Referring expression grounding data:
-- -- --

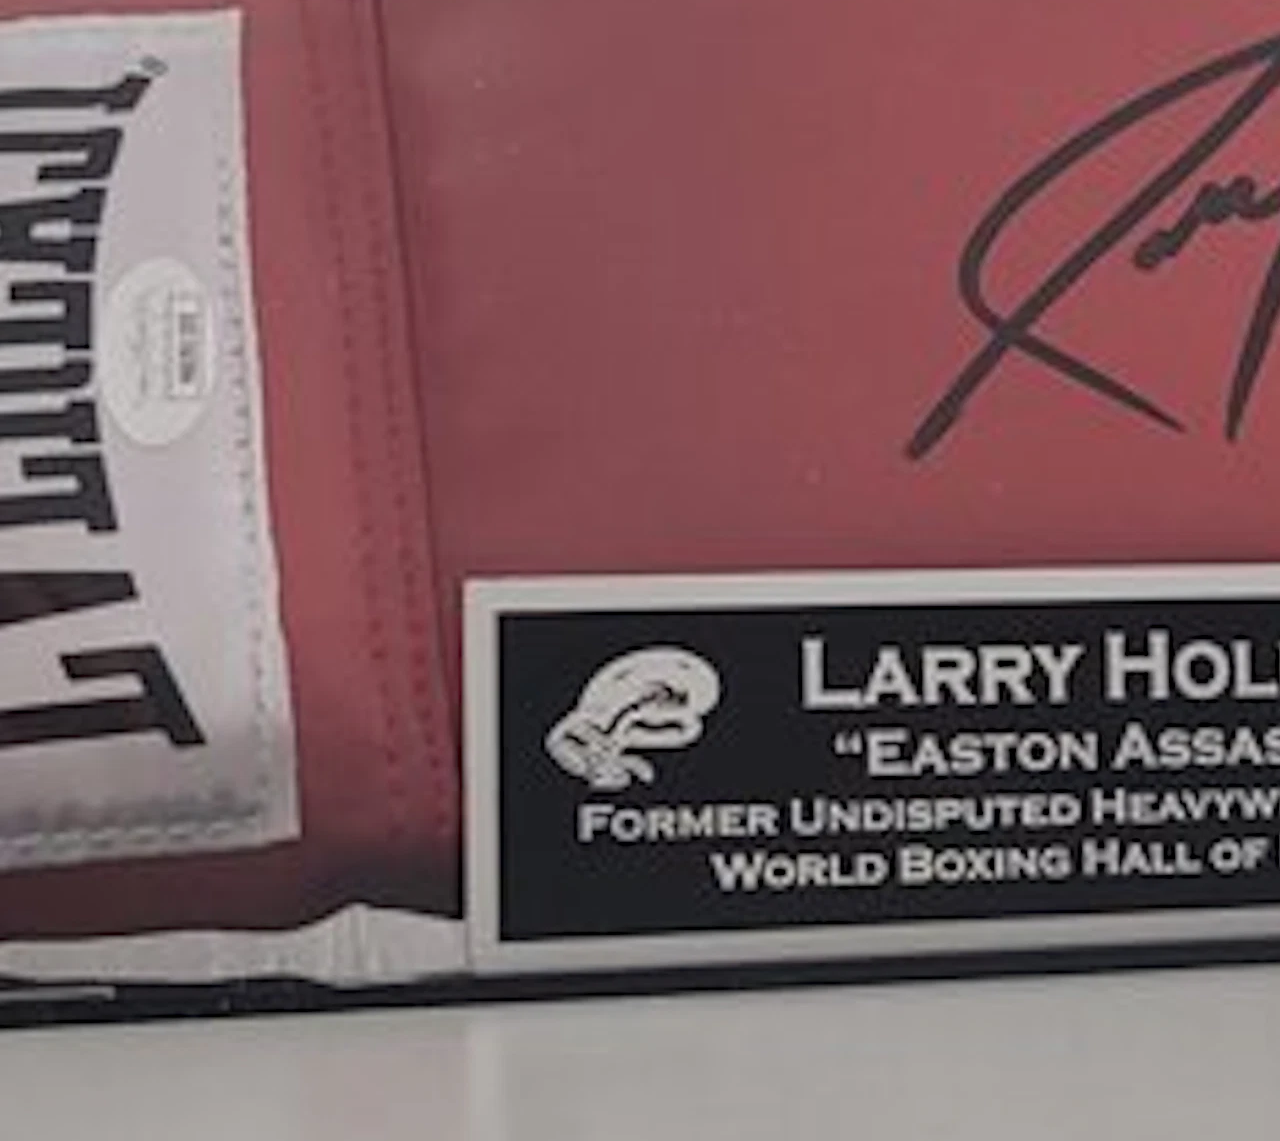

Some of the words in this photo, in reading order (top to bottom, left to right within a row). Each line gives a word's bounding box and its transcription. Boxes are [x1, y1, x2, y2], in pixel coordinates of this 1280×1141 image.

[800, 636, 1083, 710] LARRY
[576, 801, 778, 842] FORMER
[789, 793, 1081, 836] UNDISPUTED
[710, 851, 888, 892] WORLD
[898, 844, 1072, 886] BOXING
[1082, 837, 1202, 877] HALL
[1209, 837, 1269, 872] OF
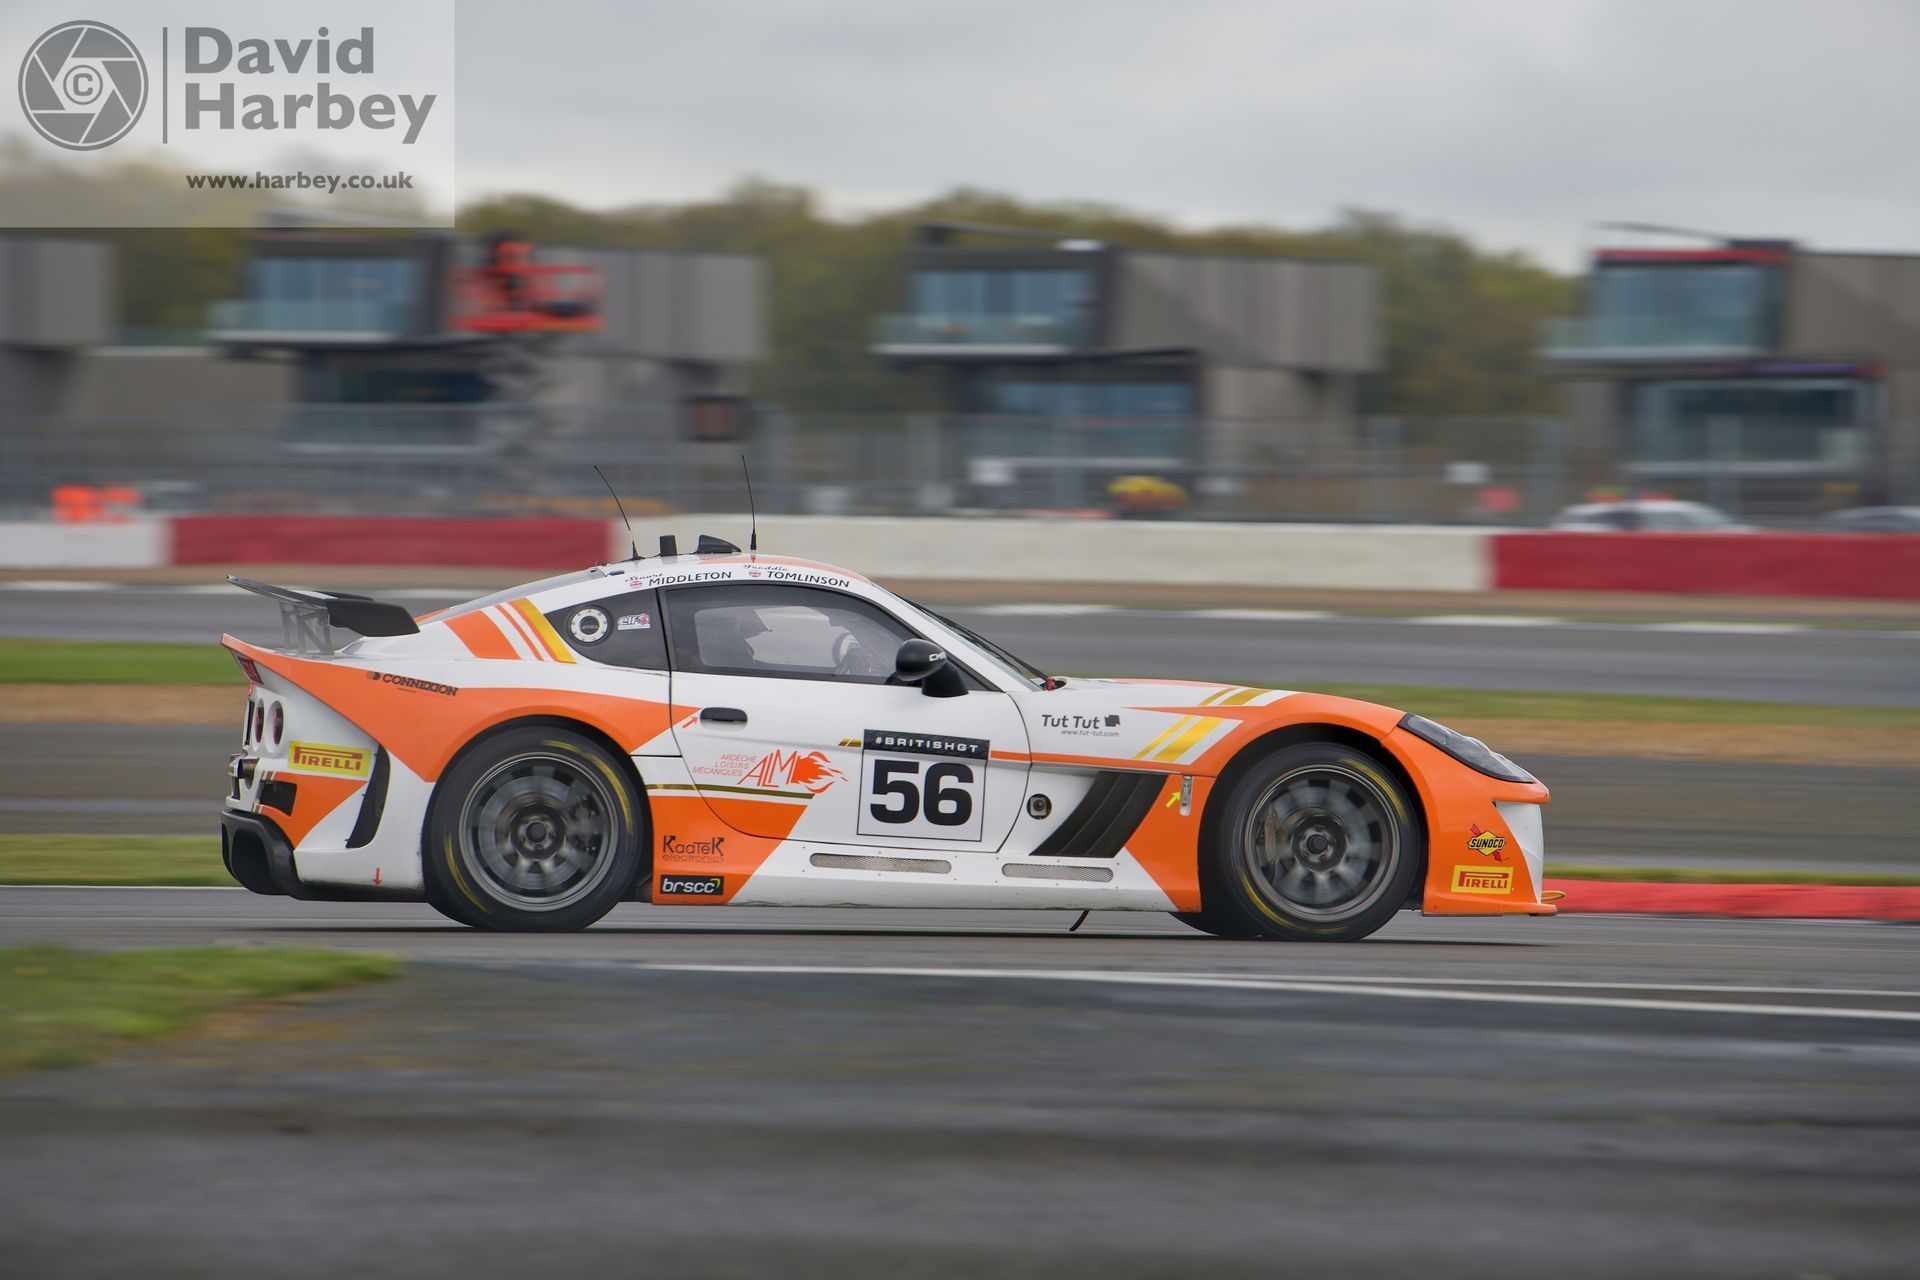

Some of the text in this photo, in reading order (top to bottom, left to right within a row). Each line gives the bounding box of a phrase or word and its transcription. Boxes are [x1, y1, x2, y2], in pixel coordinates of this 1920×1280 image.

[648, 571, 732, 586] MIDDLETON
[767, 570, 850, 588] TOMLINSON
[382, 673, 459, 697] CONNEXION
[1041, 714, 1100, 730] Tut Tut
[875, 736, 979, 753] #BRITISHGT
[293, 746, 363, 771] PIRELLI
[714, 761, 750, 770] LOISIRS
[737, 748, 798, 788] ALM
[870, 758, 974, 827] 56
[1469, 838, 1504, 848] SUNOCO
[662, 878, 715, 893] brscc
[1458, 871, 1509, 889] PIRELLI
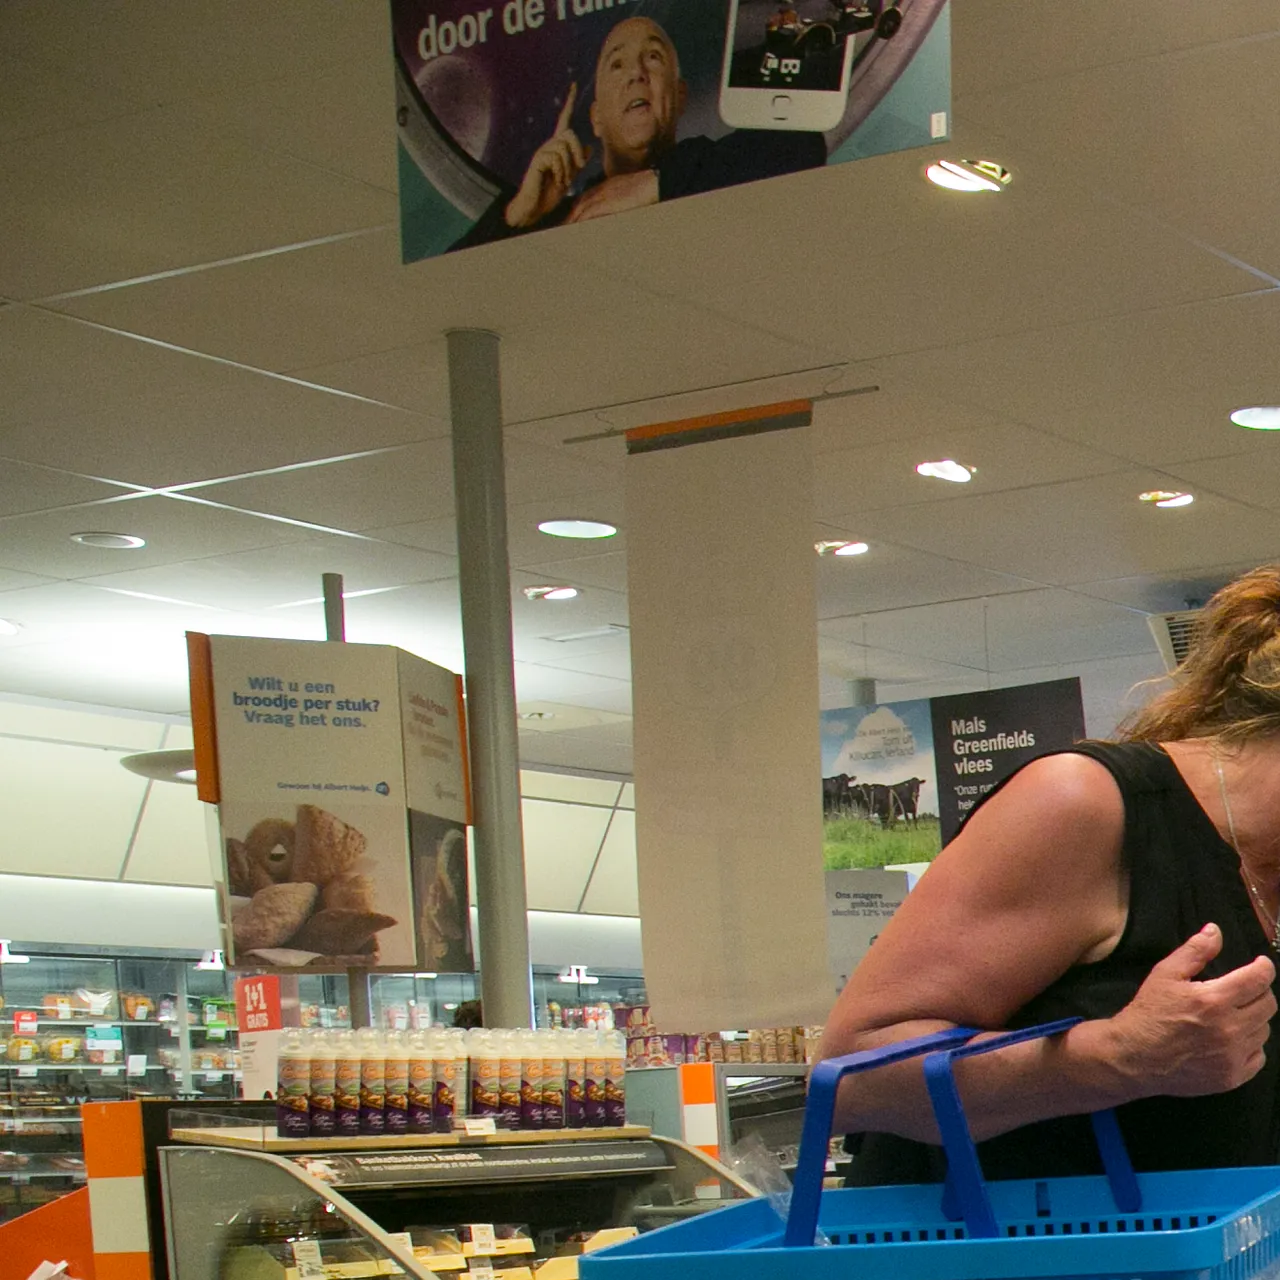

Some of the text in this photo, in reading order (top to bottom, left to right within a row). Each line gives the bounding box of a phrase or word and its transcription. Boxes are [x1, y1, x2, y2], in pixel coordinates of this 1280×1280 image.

[418, 8, 494, 60] door
[503, 0, 545, 35] de
[248, 677, 335, 694] Wilt u een
[233, 692, 380, 713] broodje per stuk?
[244, 710, 366, 728] Vraag het ons.
[952, 717, 987, 736] Mals
[953, 731, 1035, 756] Greenfields
[954, 757, 993, 775] vlees
[979, 782, 998, 795] run
[244, 982, 267, 1012] 1+1
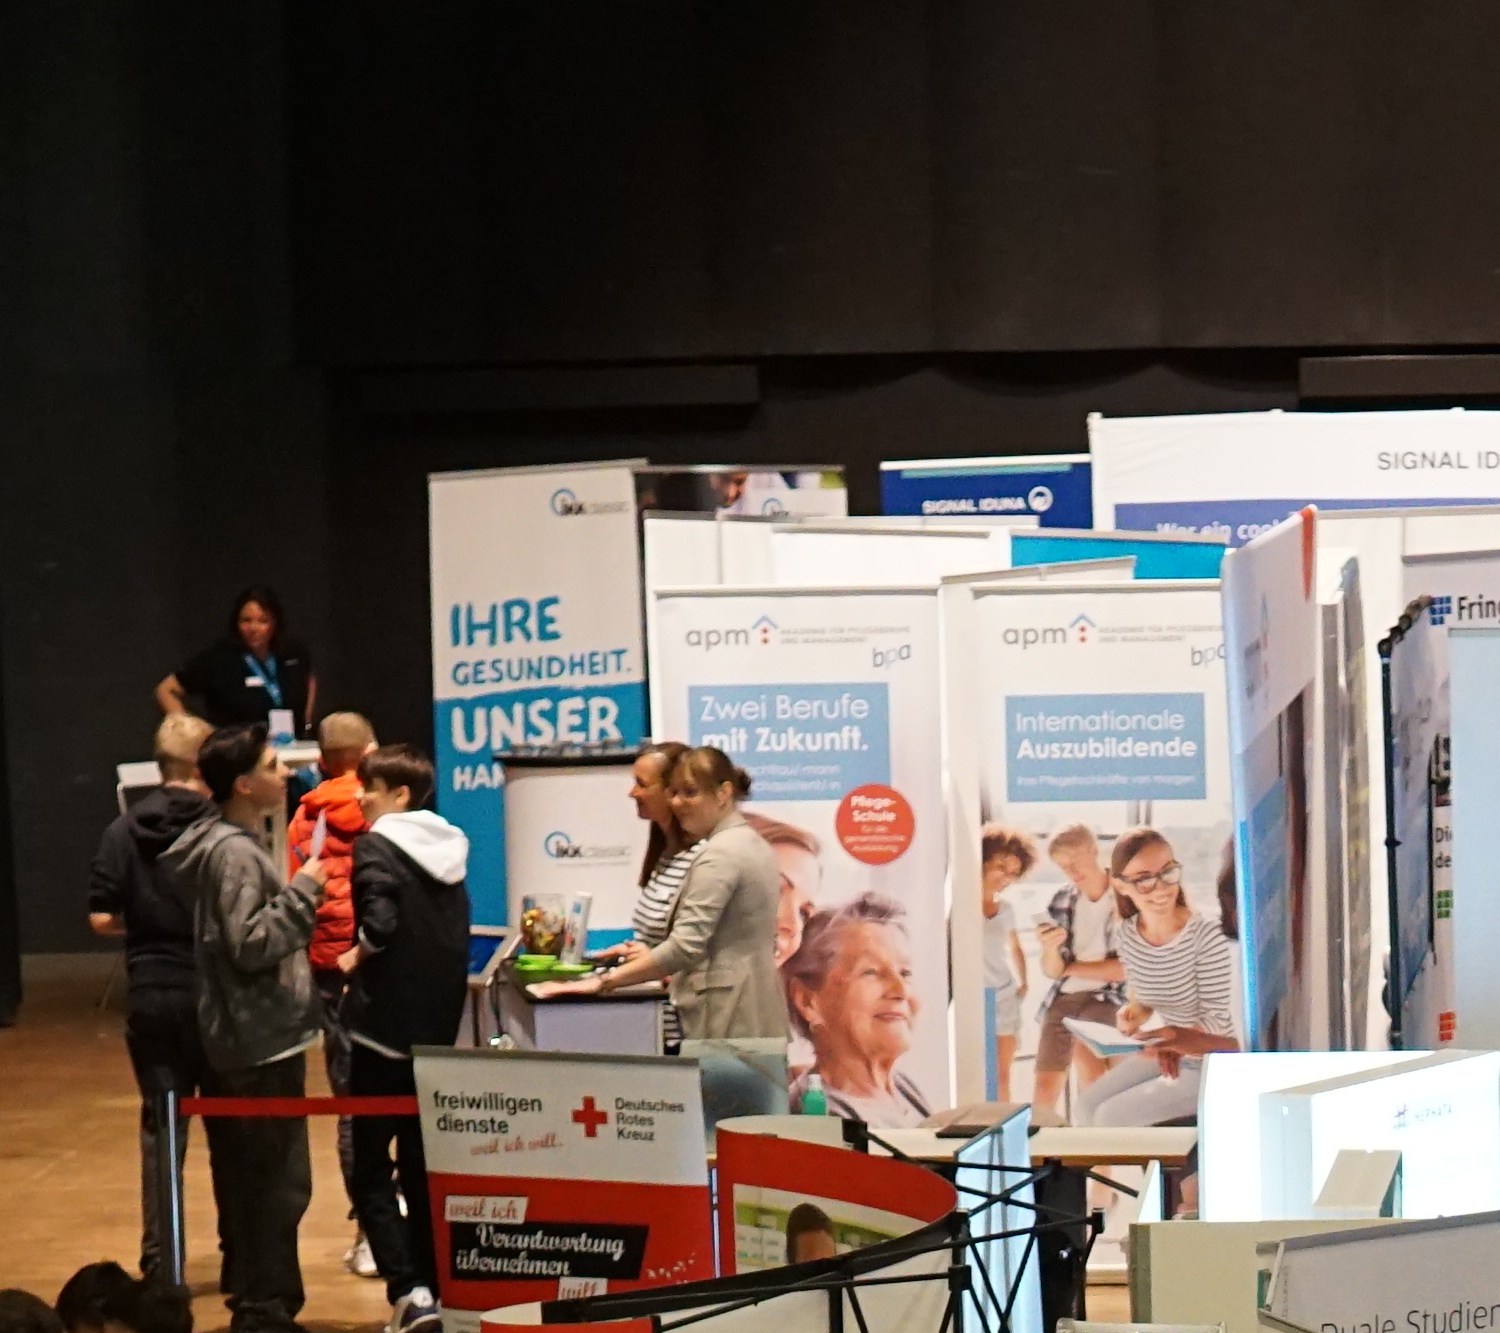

-- -- --

◆ WHAT TO DO:
Starting at the line that contains "this 1280×1280 image." and ending with the last line of the data, transcribe every line exactly; skip the pictures.

◆ OUTPUT BELOW:
Some of the text in this photo, in reading order (top to bottom, left to right within a row). Each line gives the bounding box of a phrase or word and its transcription. Boxes are [x1, y1, x2, y2], in pixel coordinates of this 1280×1280 image.

[418, 8, 494, 60] door
[503, 0, 545, 35] de
[248, 677, 335, 694] Wilt u een
[233, 692, 380, 713] broodje per stuk?
[244, 710, 366, 728] Vraag het ons.
[952, 717, 987, 736] Mals
[953, 731, 1035, 756] Greenfields
[954, 757, 993, 775] vlees
[979, 782, 998, 795] run
[244, 982, 267, 1012] 1+1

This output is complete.